La domanda sembra provocatoria e certamente aprirà un dibattito tra chi è favorevole alla tradizione e chi invece pensa che accendere le luci di Natale, già nei primi giorni di novembre come hanno fatto alcuni commercianti, non sia il massimo per il pianeta e neanche per i conti pubblici. Che poi non si tratta di una nostra tradizione. Addobbare di luci case e negozi è un’usanza americana che noi abbiamo importato da una decina di anni. Qualcuno sosterrà che sono luci a led di basso assorbimento ma provate a moltiplicare quel basso assorbimento per milioni di case e negozi. Esce fuori un valore enorme con buona pace di chi vorrebbe salvare questo pianeta ma poi non vuole rinunciare a nulla.

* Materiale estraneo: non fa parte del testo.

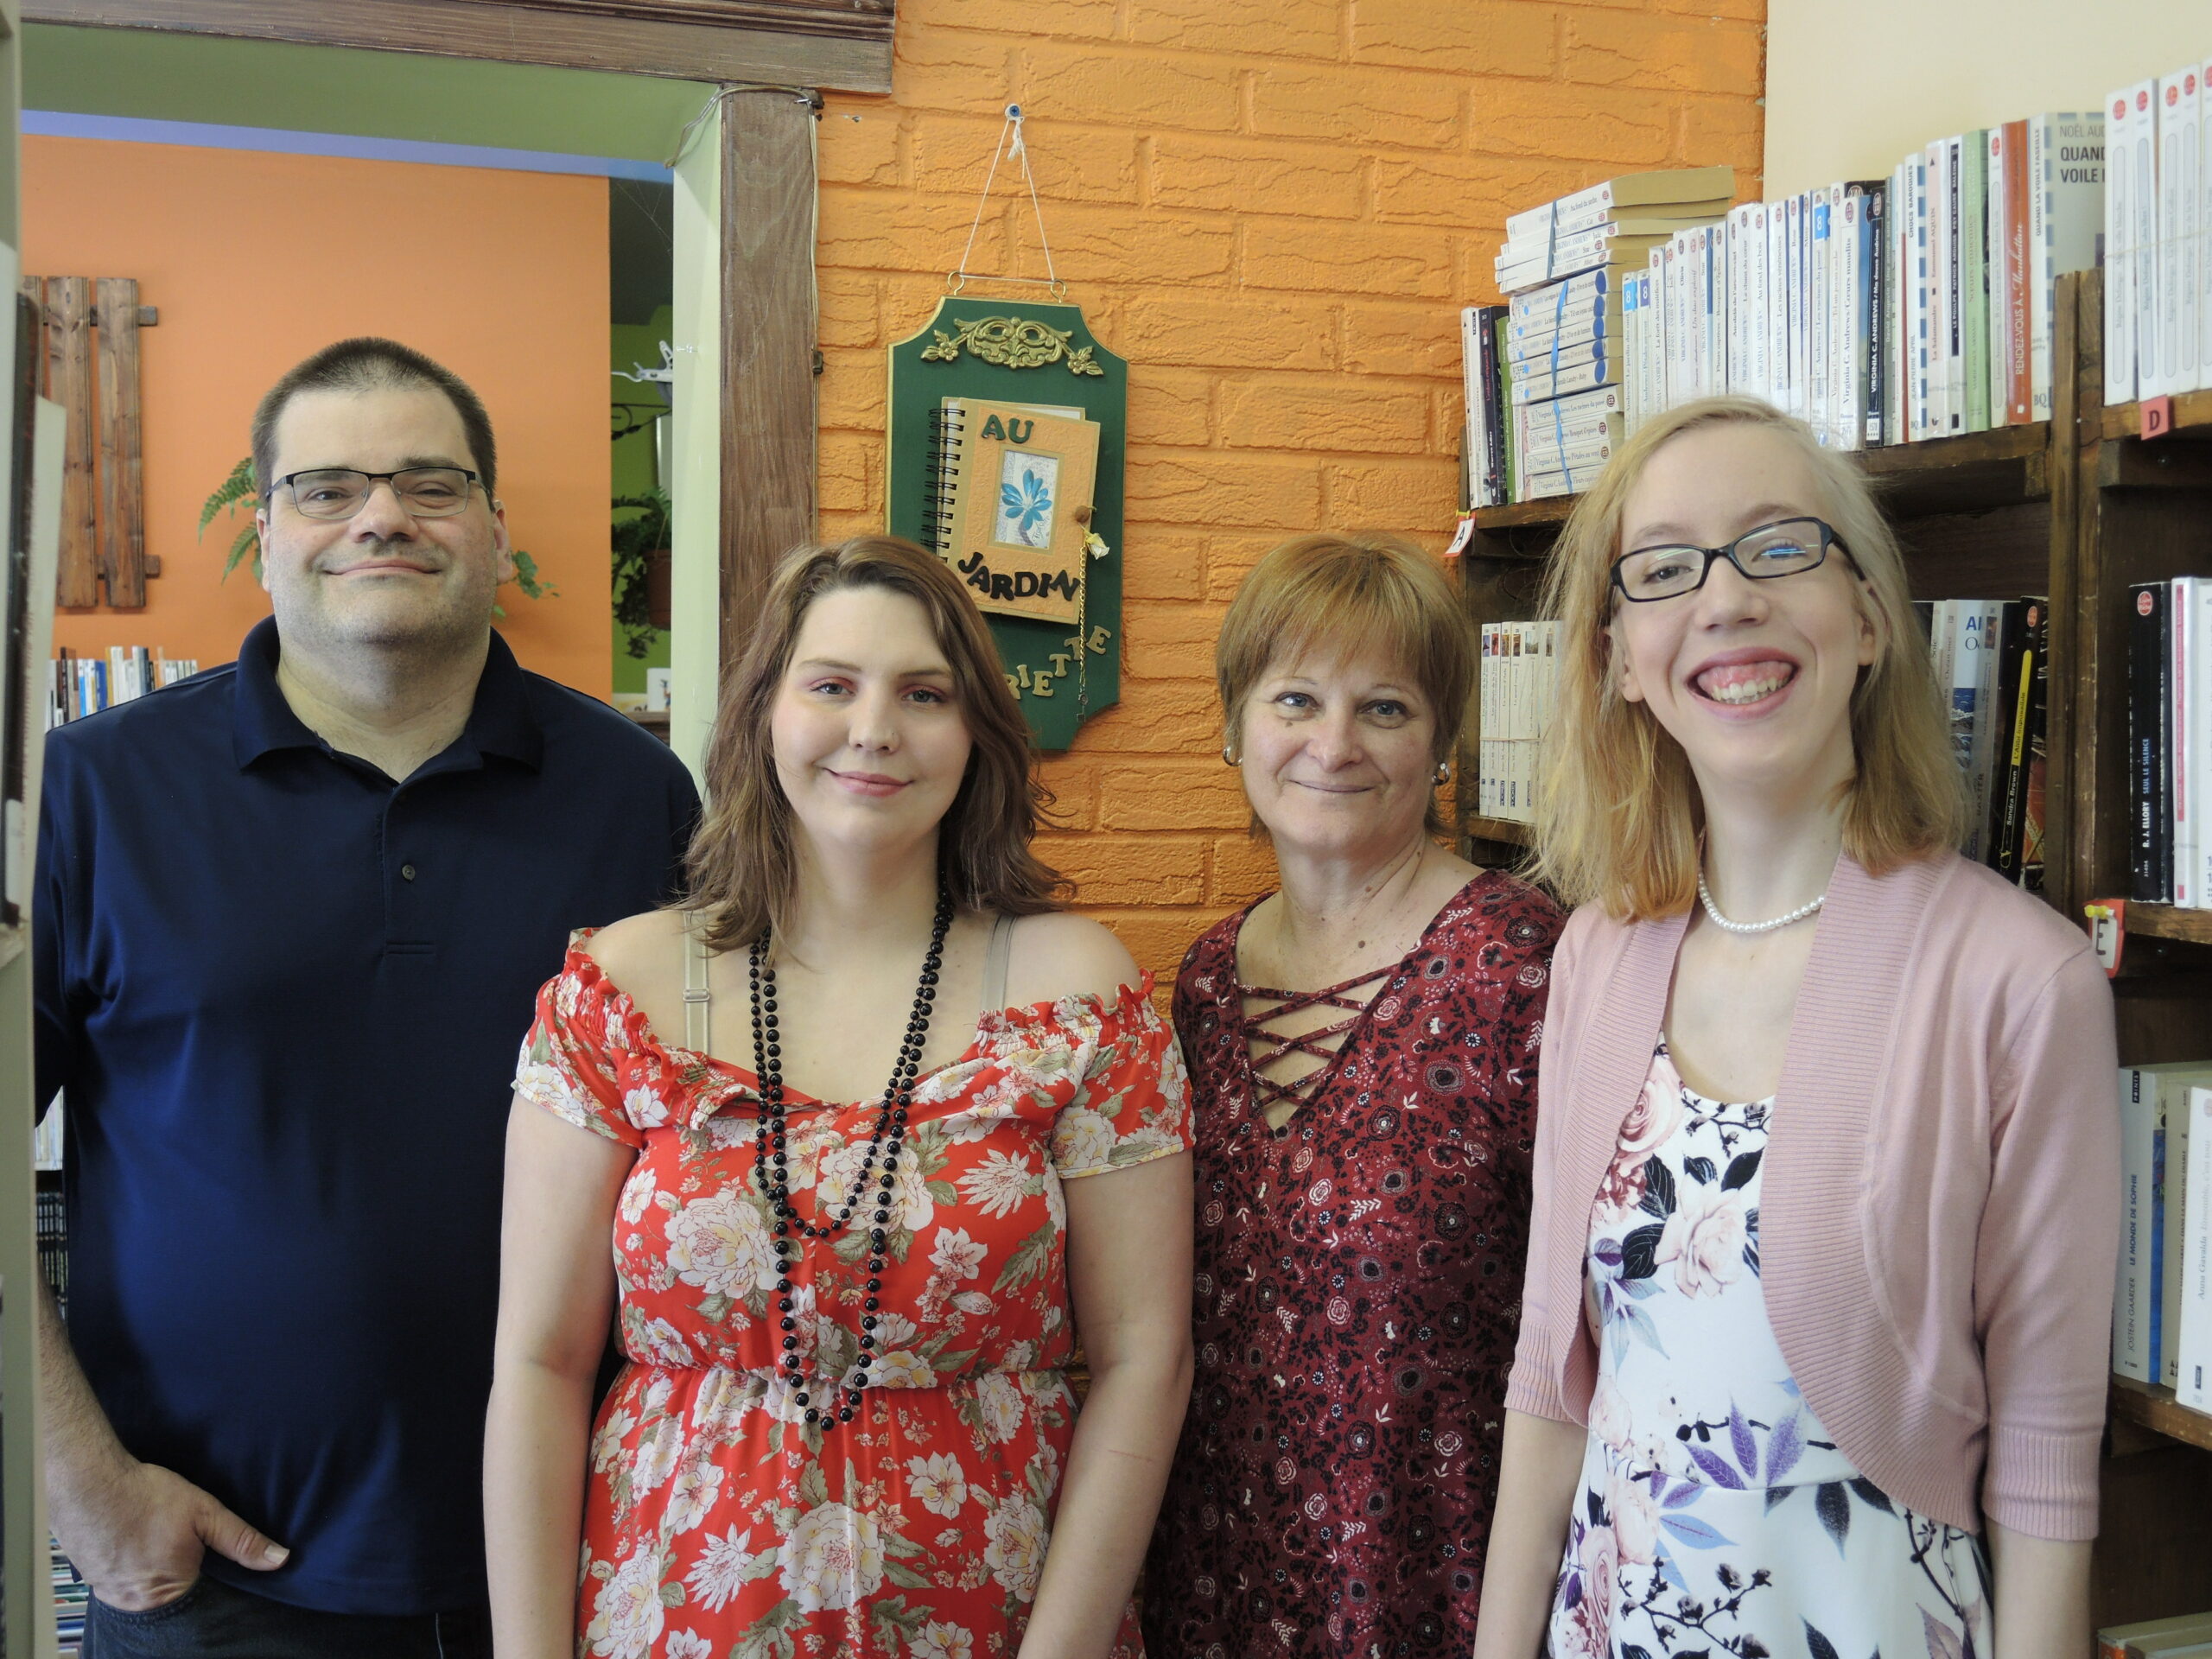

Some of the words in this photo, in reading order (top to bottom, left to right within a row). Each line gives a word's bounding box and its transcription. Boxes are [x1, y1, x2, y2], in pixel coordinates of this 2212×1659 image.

[2060, 124, 2084, 137] NOËL
[2060, 168, 2098, 183] VOILE
[1873, 282, 1878, 294] Ma
[2015, 309, 2024, 375] RENDEZ-VOUS
[1842, 366, 1852, 404] Virginia
[981, 414, 1033, 443] AU
[2148, 410, 2160, 432] D
[1452, 526, 1465, 548] A
[957, 551, 1080, 602] JARDIN
[2008, 770, 2018, 796] Brown
[2005, 798, 2015, 826] Sandra
[2143, 839, 2150, 848] R.
[2095, 918, 2109, 956] E
[2129, 1174, 2138, 1205] SOPHIE
[2129, 1208, 2137, 1219] DE
[2128, 1256, 2136, 1266] LE
[2198, 1236, 2208, 1273] Gavalda
[2197, 1275, 2206, 1300] Anna
[2126, 1319, 2136, 1352] JOSTEIN

Quanti sono quei negozianti che sono andati a lamentarsi in tutte le televisioni per le bollette energetiche fuori controllo e che oggi hanno già acceso gli addobbi? Un po’ di coerenza, non vi pare? Sono i nostri comportamenti che determinano il futuro dei nostri figli e nipoti ma evidentemente non è vero che vogliamo lasciare a loro un pianeta come lo abbiamo ereditato dai nostri padri. Purtroppo sono tante le cose che nel nostro piccolo potremmo fare per avere un mondo leggermente migliore. Sapete voi che la notte di Capodanno si producono con i “botti” tante di quelle polveri sottili da far impallidire quelle prodotte dal traffico automobilistico? Un dato di Arpa Campania ci informa che nelle prime ore dell’anno,  soprattutto fra l’una e le due di notte, si raggiungono a Napoli e in numerose località campane elevate concentrazioni orarie di PM10, talvolta anche superiori a 1.000 microgrammi per metro cubo ossia molto al di sopra del limite giornaliero di 50 microgrammi per metro cubo.

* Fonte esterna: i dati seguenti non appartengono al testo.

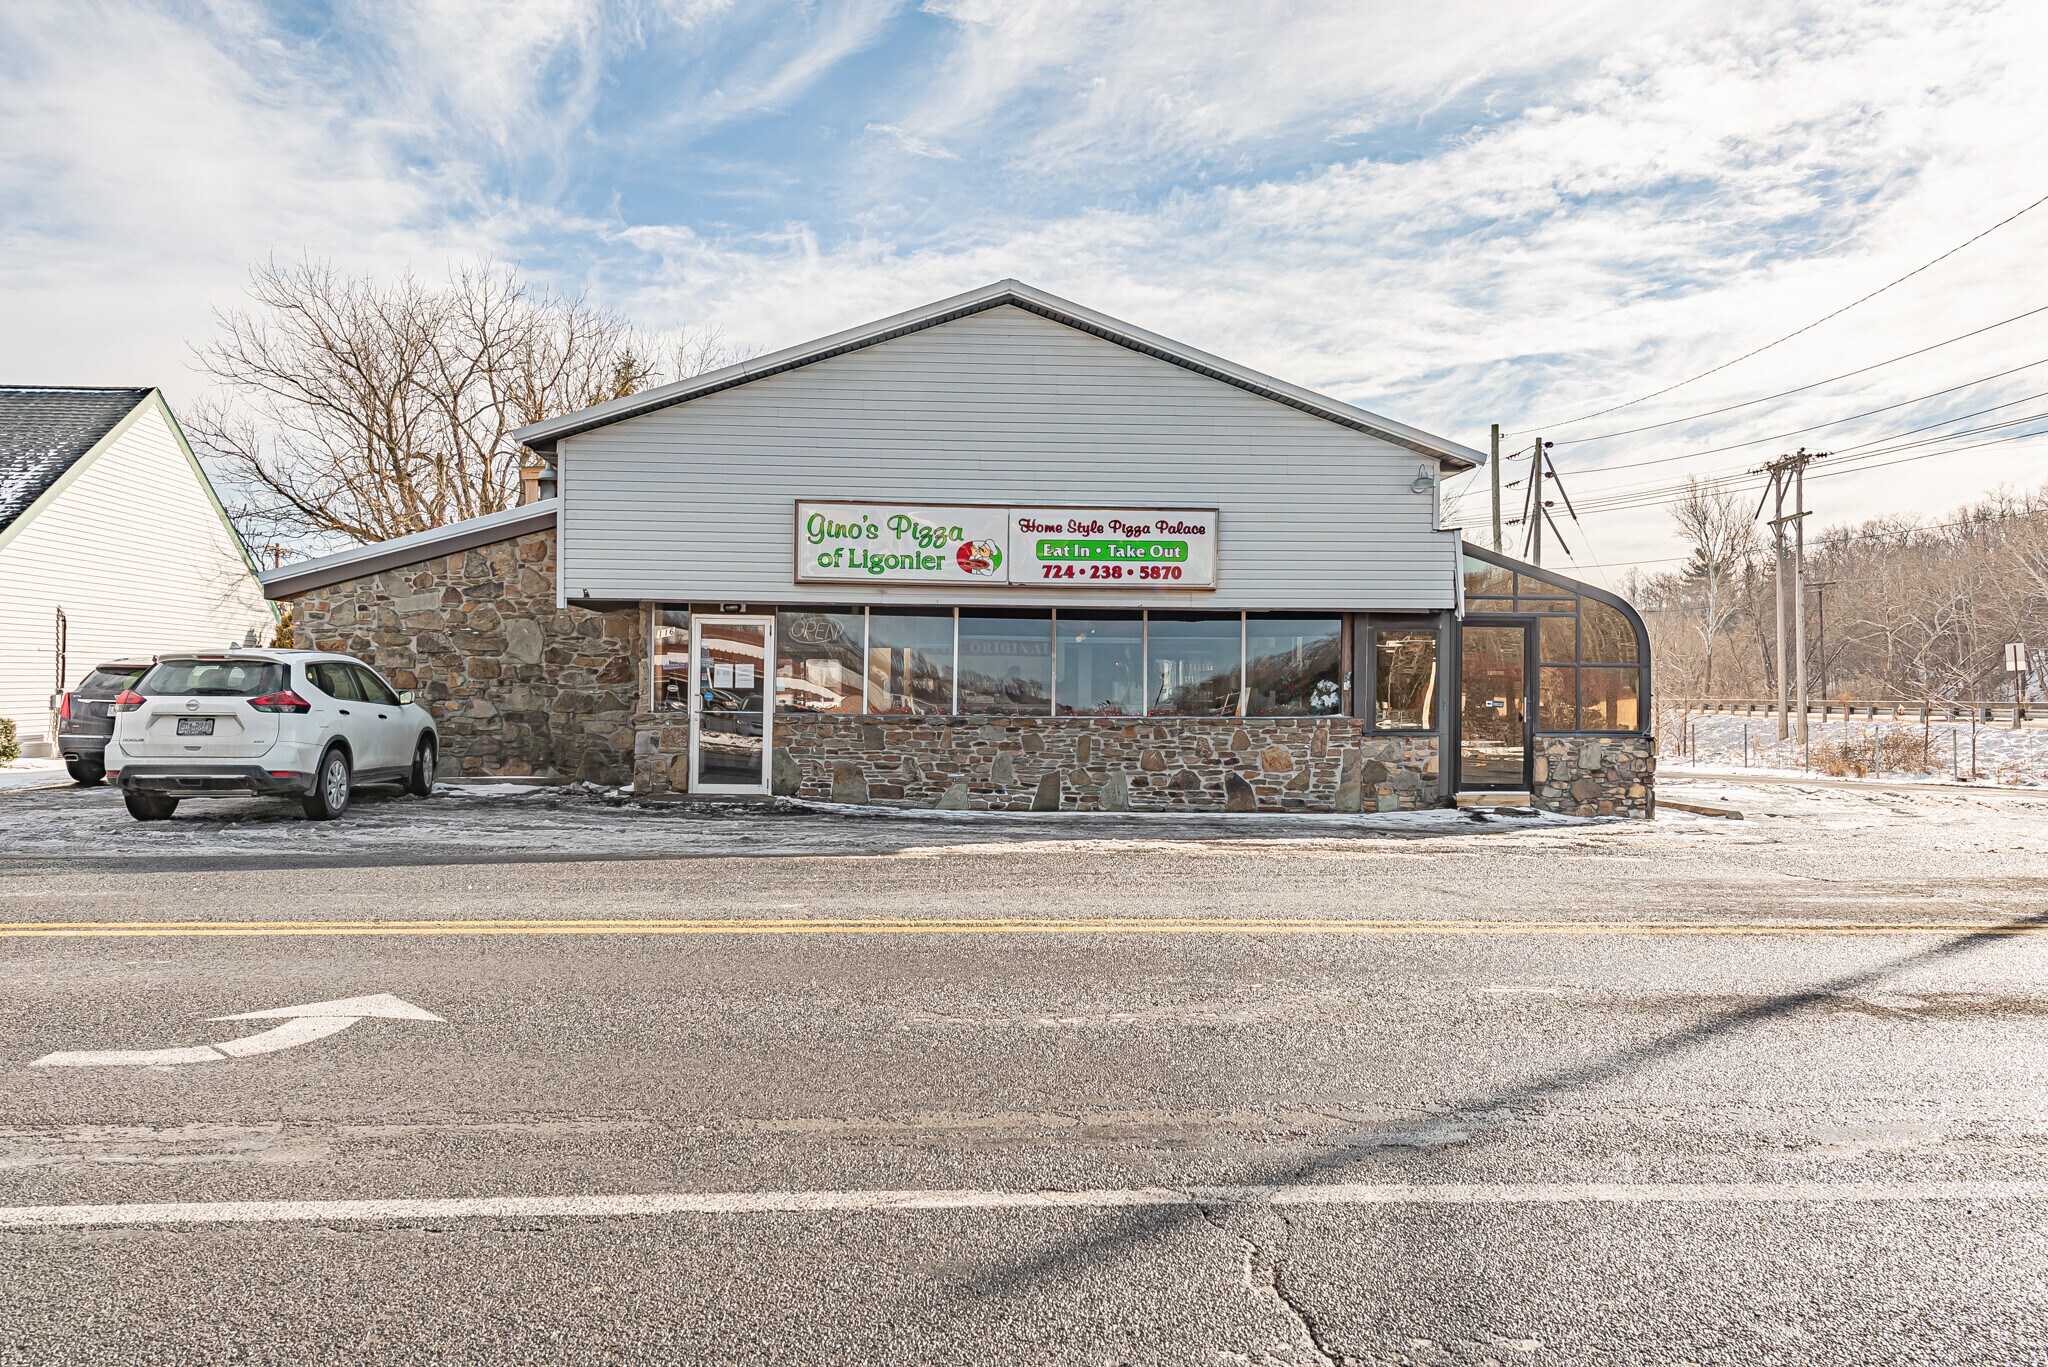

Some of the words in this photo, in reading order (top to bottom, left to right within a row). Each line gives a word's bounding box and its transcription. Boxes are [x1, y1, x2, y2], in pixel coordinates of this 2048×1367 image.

[806, 512, 879, 545] Gino's
[886, 514, 965, 549] Pizza
[1018, 518, 1063, 534] Home
[1066, 519, 1104, 537] Style
[1108, 519, 1151, 538] Pizza
[1155, 520, 1206, 535] Palace
[1042, 543, 1071, 558] Eat
[1073, 544, 1091, 558] In
[1107, 544, 1146, 558] Take
[1149, 544, 1181, 558] Out
[817, 547, 845, 568] of
[848, 548, 946, 575] Ligonier
[1041, 565, 1075, 579] 724
[1089, 565, 1123, 580] 238
[1139, 565, 1182, 580] 5870
[658, 627, 675, 638] 116
[791, 620, 840, 641] OPEN
[969, 641, 1051, 655] ORIGINAL

Una valida alternativa alle luci di Natale elettriche sarebbero quelle alimentate a pannelli solari ma sono ancora una rarità in questo paese. I Comuni diano l’esempio per primi evitando di accendere decorazioni non necessarie.

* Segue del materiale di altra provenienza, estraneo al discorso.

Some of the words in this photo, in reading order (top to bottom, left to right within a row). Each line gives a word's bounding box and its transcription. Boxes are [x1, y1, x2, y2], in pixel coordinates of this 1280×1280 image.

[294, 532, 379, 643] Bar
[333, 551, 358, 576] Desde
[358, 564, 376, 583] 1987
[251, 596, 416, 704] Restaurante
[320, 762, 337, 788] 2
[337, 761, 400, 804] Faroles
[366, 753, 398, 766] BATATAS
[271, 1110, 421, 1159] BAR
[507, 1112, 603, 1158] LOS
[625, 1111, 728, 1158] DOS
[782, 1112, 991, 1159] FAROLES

Per concludere, almeno per l’anno in corso che si porta appresso la crisi energetica, cerchiamo di ridurre i consumi delle nostre luci di Natale. Aspettiamo almeno la metà di dicembre per accenderle e limitiamo la loro accensione a qualche ora serale e notturna. Non serve che restino accese 24 ore su 24. Nel tuo piccolo puoi fare qualcosa per l’ambiente dove vivi e dove vivranno in futuro i tuoi figli.